The ends of true schooling are also not the good of an individual alone, but of a community as well.
When we educate the young properly, we transform them into thoughtful, civil persons, capable of understanding their duties in a well-ordered society, and capable of carrying out those duties. A young person benefits from being so molded, but the rest of us benefit equally by receiving into our midst such virtuous citizens.
The traditions of the various learned disciplines are benefited too by true education. Rational argumentation, principled politics, scientific knowledge – all of these things, and the goods that they entail, are preserved when we teach our young correctly. And since the preservation of these traditions is one end of education, we must hold students to the standards derived from those traditions, demanding of them nothing less than the kinds of learned excellence embodied in the “best that has been thought and said in the world.”
We must often notify students when they fail to achieve that standard, and on occasion, conclude that there are some students who are likely to prove incapable of measuring up to that standard, no matter how much effort they put forth.

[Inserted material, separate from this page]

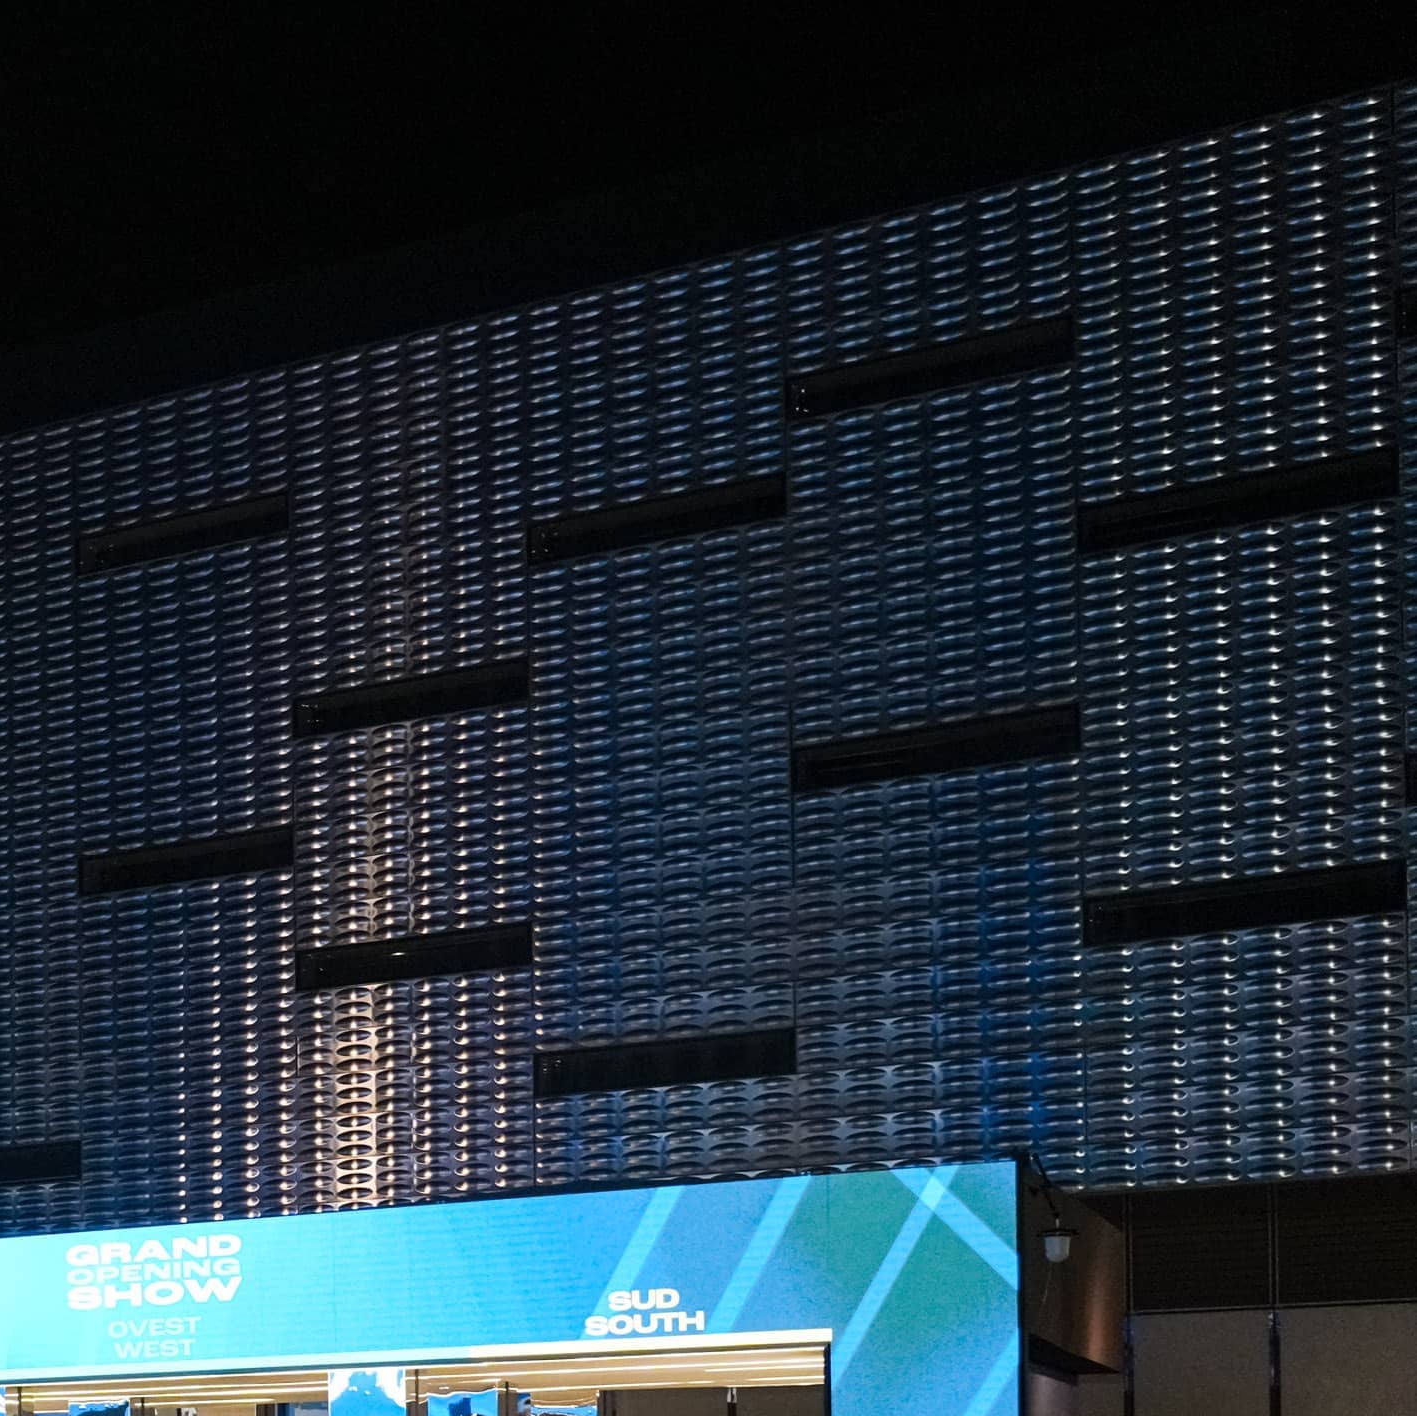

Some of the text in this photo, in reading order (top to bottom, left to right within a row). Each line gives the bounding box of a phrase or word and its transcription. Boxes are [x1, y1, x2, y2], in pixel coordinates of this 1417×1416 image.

And because the work which is required to master these traditions is often of the most monotonous variety, we will need to handle students with some form of compulsion, to make them persist in a necessary labor, against which their natures will revolt in the most pronounced fashion.
Our individualistic culture, with its emphasis on self-esteem, self-affirmation, and self-fulfillment, is at enmity with each and every one of these principles, and will admit none of them into its pantheon of prevailing educational dogmas.
A near unanimity of American parents regard a school simply as an institution designed for the benefit of their child, and not also for the community as a whole. As each and every negative appraisal of their child’s performance constitutes a threat to his self-esteem, they will allow his teachers to make no such appraisals. They will allow his teachers to maintain no standards which are beyond the capacities of their child, even temporarily, for fear that the resulting failures will fracture his psychological placidity. Such things confound their cherished conception of education, which is essentially therapeutic – the prolonged cultivation of their child’s emotional ease. As a consequence, rather than holding the students to certain expectations, our schools now frame their expectations to the limits of their students; this is the process of “dumbing down” which has been an unmistakable feature of the American educational landscape for over three generations.
What is basically wrong with our schools is that there is simply no way to educate contemporary American children properly, given the cultural presumptions of their parents.
The fundamental reason why American children are not educated properly is simply because the American people do not want their children to be educated properly. So they’re not.